ANSA/EPA/MOHAMMED SABER

Biden festeggia la decisione presa da Israele e Gaza. Nessun rilascio di prigionieri per oggi, si teme la ripresa delle ostilità

Sembra reggere il “cessate il fuoco” negoziato tra Israele e Gaza: la nottata è stata tranquilla e Israele ha riaperto il valico commerciale di Kerem Shalom (la cui chiusura aveva provocato la cessazione delle attività della centrale elettrica di Gaza) e il valico per i passeggeri di Erez, da dove oggi possono transitare 14mila manovali di Gaza che sono però impiegati in Israele.

Nel frattempo con la conclusione dell’operazione Breaking Dawn la radio militare ha quantificato gli attacchi da parte palestinese e le operazioni condotte da Israele e ha riferito che da Gaza sono stati sparati 1.100 razzi, ma solo 900 sono entrati in territorio israeliano mentre gli altri sono ricaduti nella Striscia.

Per quanto riguarda le difese Iron Dome, hanno intercettato 380 razzi che minacciavano direttamente zone abitate in Israele con una percentuale di successo del 96/97%.

In tre giorni di combattimento Israele ha colpito a Gaza 170 obiettivi della Jihad islamica.

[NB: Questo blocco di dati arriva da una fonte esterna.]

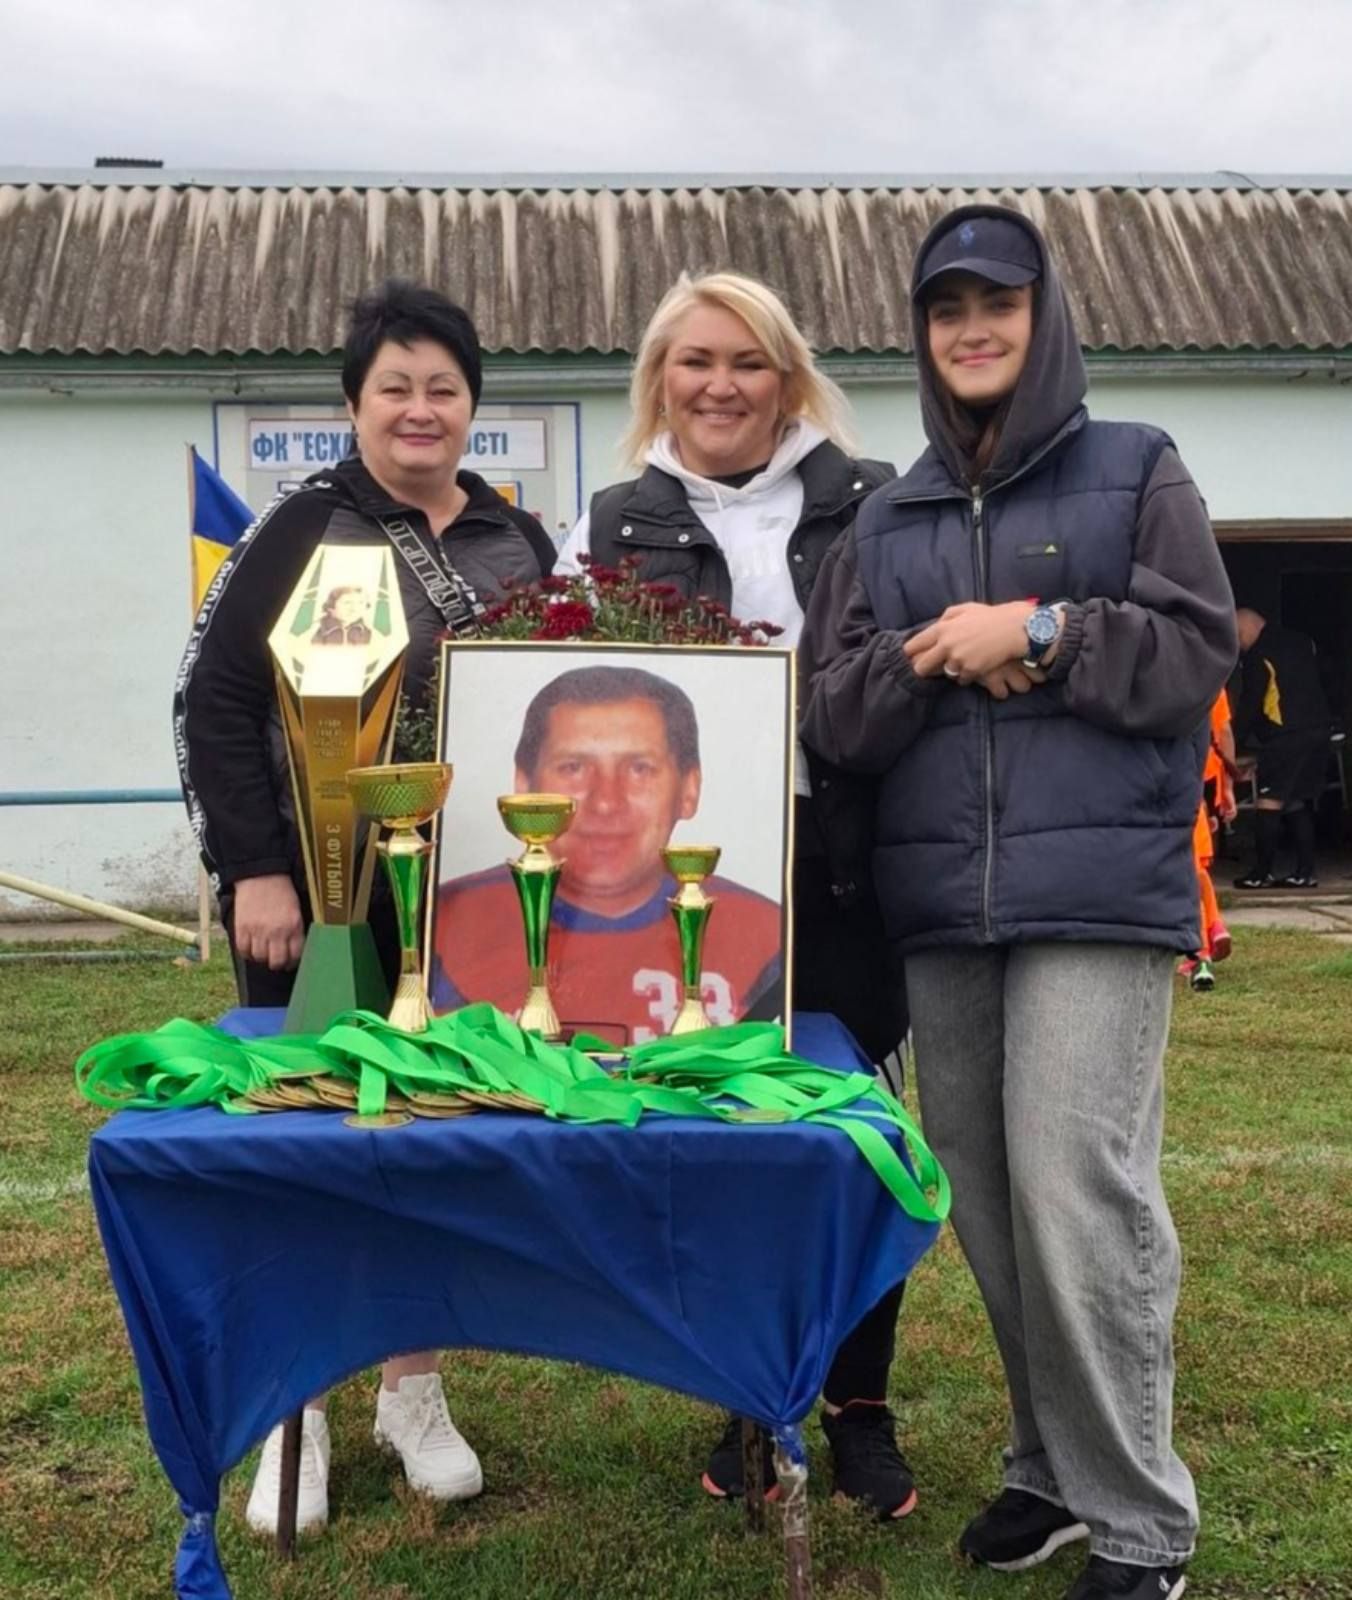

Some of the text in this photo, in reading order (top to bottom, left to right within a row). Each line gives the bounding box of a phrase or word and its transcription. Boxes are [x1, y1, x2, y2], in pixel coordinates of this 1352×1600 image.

[253, 432, 288, 461] ФК
[174, 560, 234, 692] MONEY STUDIO
[327, 837, 343, 908] ФУТБОЛУ

Fra questi: un tunnel militare, magazzini, rampe di lancio, postazioni e anche esponenti di spicco della ala militare di quella organizzazione.

Per quanto riguarda il bilancio delle vittime, sono rimaste uccise 44 persone di cui 15 bambini e minorenni e quattro donne. L’Unione Europea ha chiesto un’indagine “tempestiva e approfondita” sulle vittime civili, come riferito alla stampa dal portavoce dell’Ue per la politica estera e la sicurezza, Peter Stano: «ora è fondamentale lavorare per consolidare il cessate il fuoco e riaprire i valichi per consentire in particolare l’assistenza umanitaria e il carburante, oltre ai lavoratori, di entrare e uscire da Gaza», concludono da Bruxelles.

Il presidente degli Stati Uniti Joe Biden ha mostrato il suo favore e appoggio alla decisione presa da Israele e Gaza per un cessate il fuoco dopo tre giorni di ostilità. Biden ha dichiarato che israeliani e palestinesi si meritano di vivere in sicurezza.

La fine delle ostilità è arrivata grazie alla mediazione di una tregua dell’Egitto che ha intercesso tra la Jihad islamica e il Governo di Israele.

Tuttavia il clima di pace è lontano dall’apparire stabile: nella notte sono scattate le sirene d’allarme nel sud di Israele e i capi di Governo si sono riuniti per un vertice straordinario. Il ministro della Sicurezza interna Omer Barlev ha ribadito che non è stato concordato il rilascio di Khalil al-Awawda – attualmente in sciopero della fame in carcere dove si trova in detenzione amministrativa – e Bassam al-Saadi, leader della Jihad in Cisgiordania arrestato la settimana scorsa a Jenin.

Lo conferma anche il Times of Israel, secondo cui nessuno dei due sarà rilasciato in giornata e si teme dunque la ripresa delle ostilità da parte dei jihadisti. «Se il cessate il fuoco sarà violato – avverte il premier israeliano Lapid – Israele si riserva il diritto di agire con la forza».

Il coordinatore speciale dell’Onu per il processo di pace, Tor Winnesland, in occasione della riunione del Consiglio di Sicurezza sulla situazione a Gaza (da remoto) ha dichiarato che in Medioriente “il cessate il fuoco è fragile. Qualsiasi ripresa delle ostilità avrà solo conseguenze devastanti per palestinesi e israeliani e renderà sfuggente qualsiasi progresso politico“.

Raid israeliano su Gaza, le reazioni internazionali

Oggi il leader del movimento libanese filo-iraniano Hezbollah Hasan Nasrallah ha definito la tregua una “vittoria della resistenza”, dimostrando che le sue milizie possono combattere e colpire Israele da più fronti; «non sottovaluti il Libano» ammonisce.

Dura anche la condanna della Turchia che per voce del suo ministro degli Esteri Cavusoglu ha ribadito che “non può esserci giustificazione per l’uccisione di persone innocenti, soprattutto per una di cinque anni“. La tregua è stata accolta, oltre che dalle autorità turche, anche da quelle russe come riporta Ria Novosti.

Gli Emirati Arabi hanno invocato una riunione d’emergenza del Consiglio di sicurezza dell’Onu per avviare un processo internazionale di pace nell’area.